* What you need to do: A word-for-word copy of the data, pictures excluded, is what this task asks for.

* Data for processing:
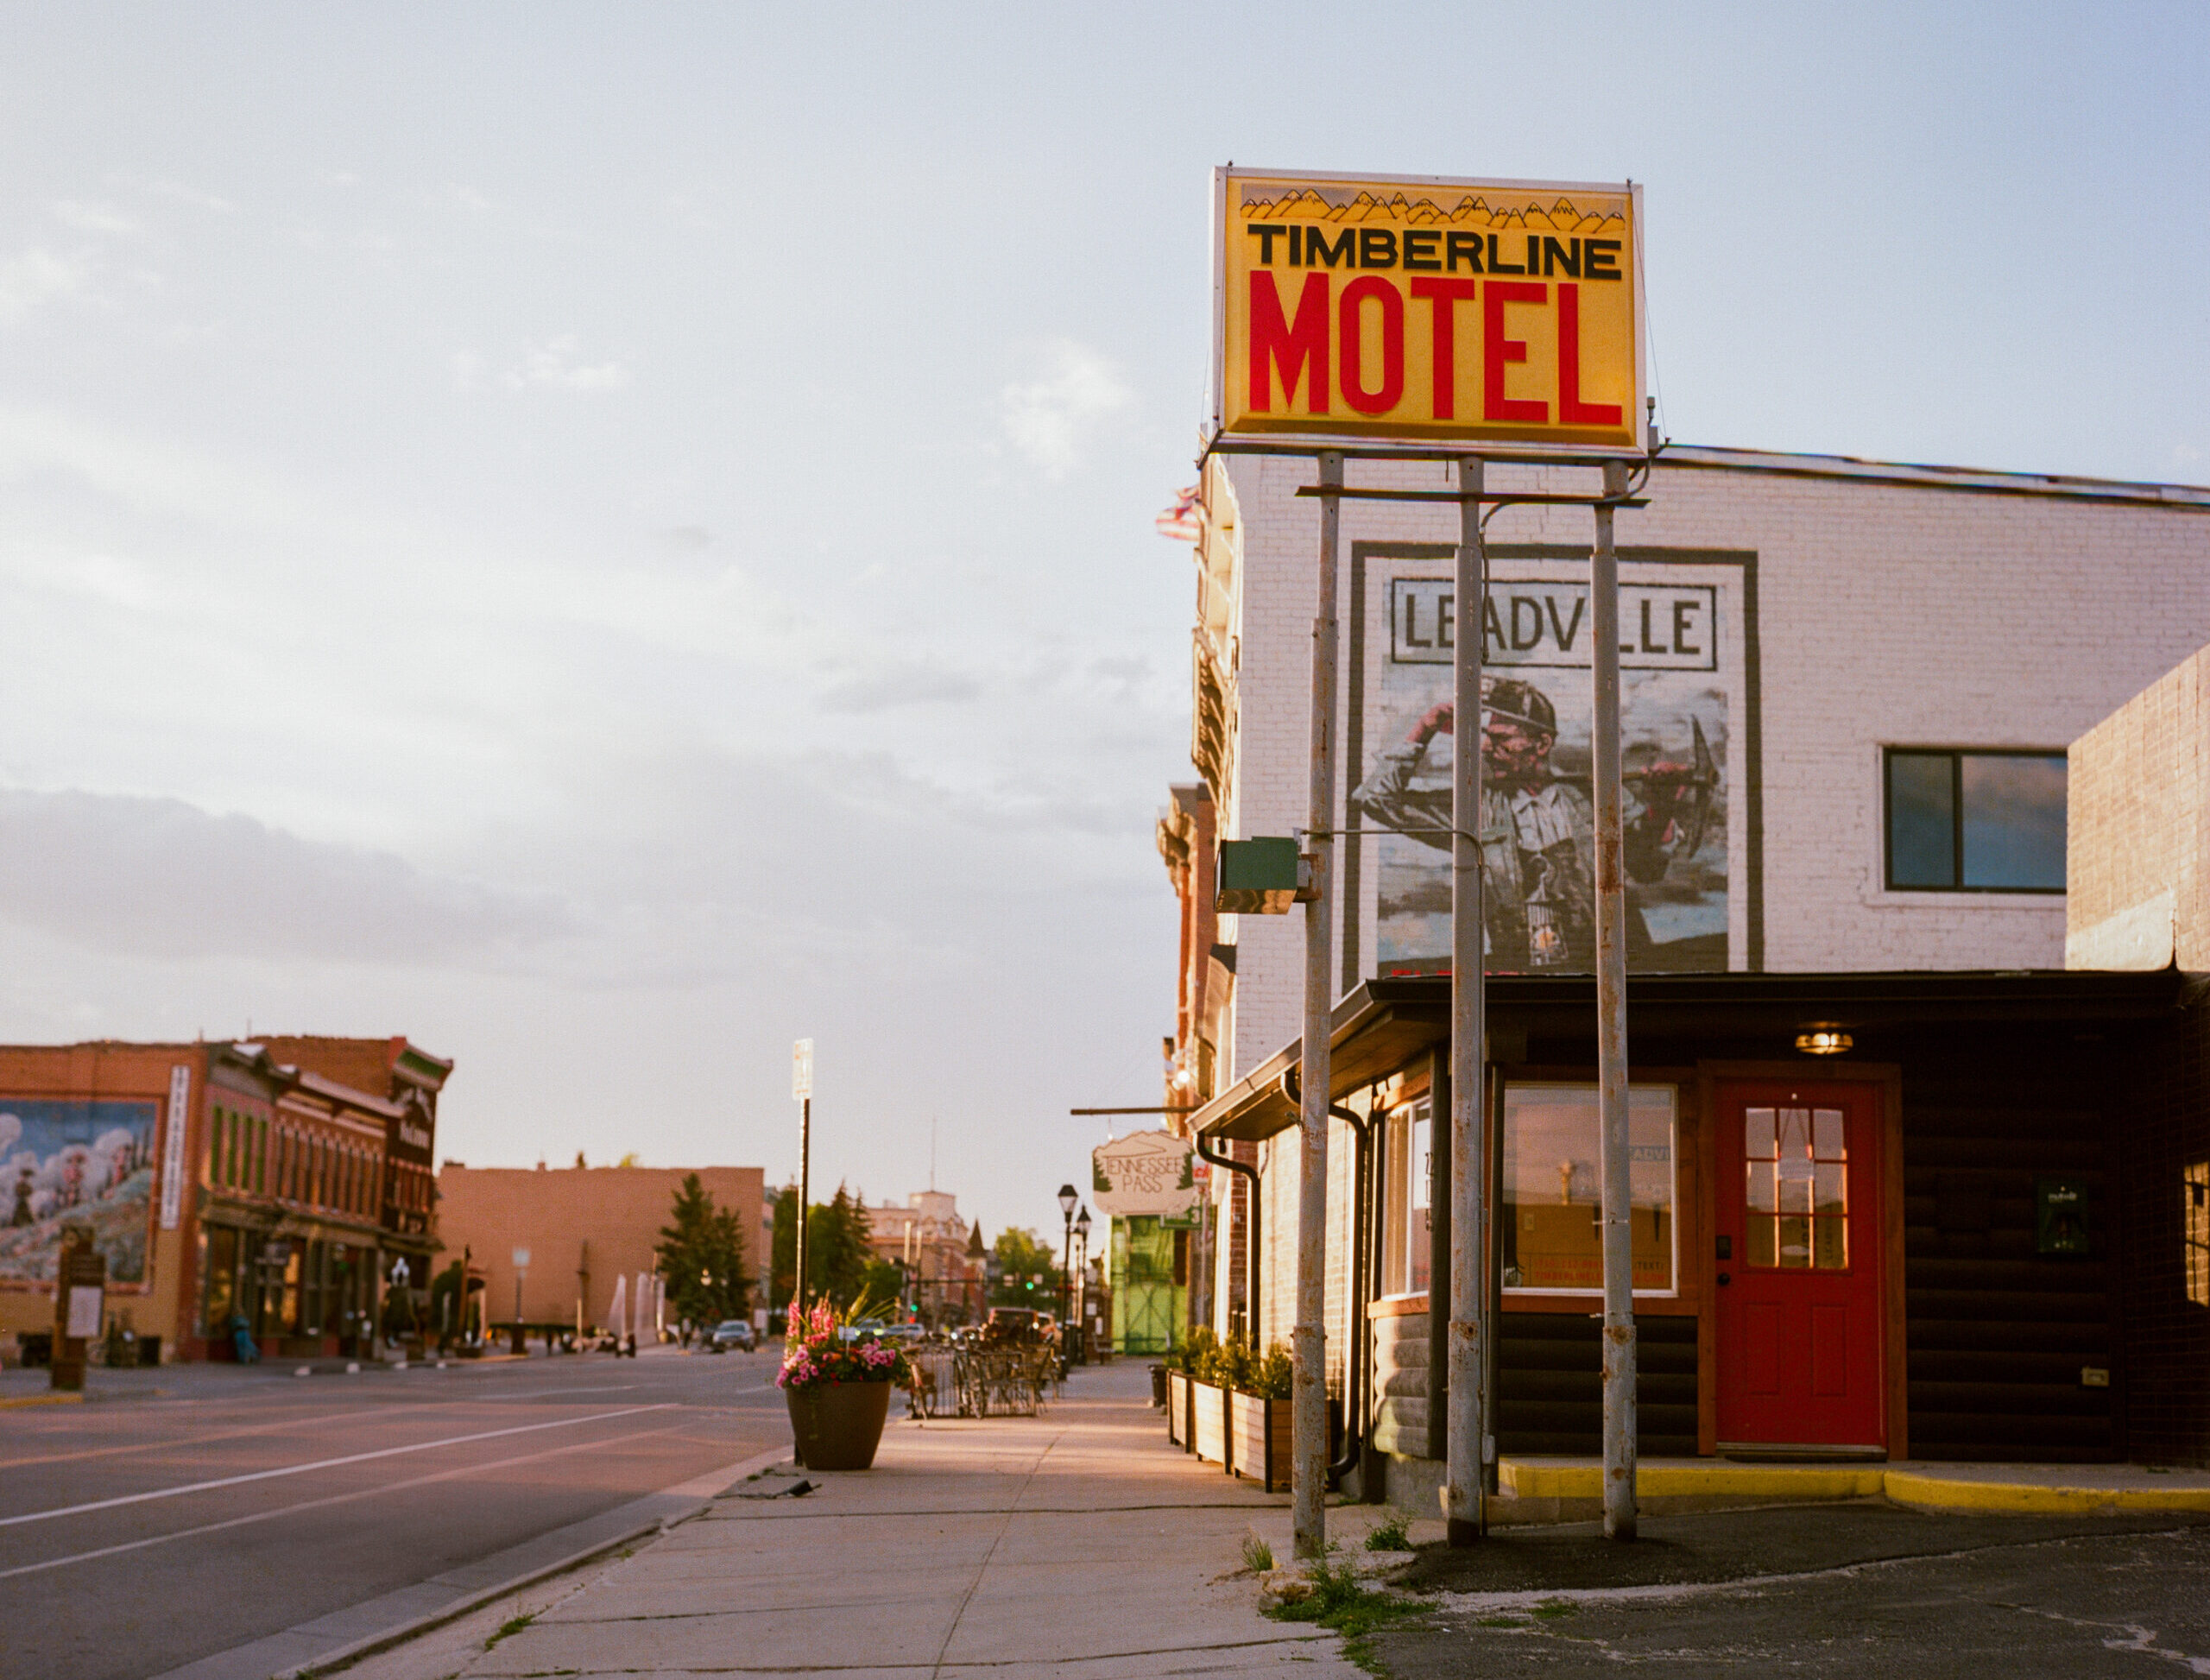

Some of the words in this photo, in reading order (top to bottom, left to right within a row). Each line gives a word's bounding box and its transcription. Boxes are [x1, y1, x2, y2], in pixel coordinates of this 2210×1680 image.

[1247, 224, 1622, 280] TIMBERLINE
[1249, 270, 1623, 425] MOTEL
[1102, 1156, 1183, 1175] TENNESSEE
[1122, 1174, 1163, 1193] PASS

* Reply to the task:
Some of the words in this photo, in reading order (top to bottom, left to right within a row). Each line gives a word's bounding box and its transcription. Boxes are [x1, y1, x2, y2], in pixel coordinates of this 2210×1680 image.

[1247, 224, 1622, 280] TIMBERLINE
[1249, 270, 1623, 425] MOTEL
[1102, 1156, 1183, 1175] TENNESSEE
[1122, 1174, 1163, 1193] PASS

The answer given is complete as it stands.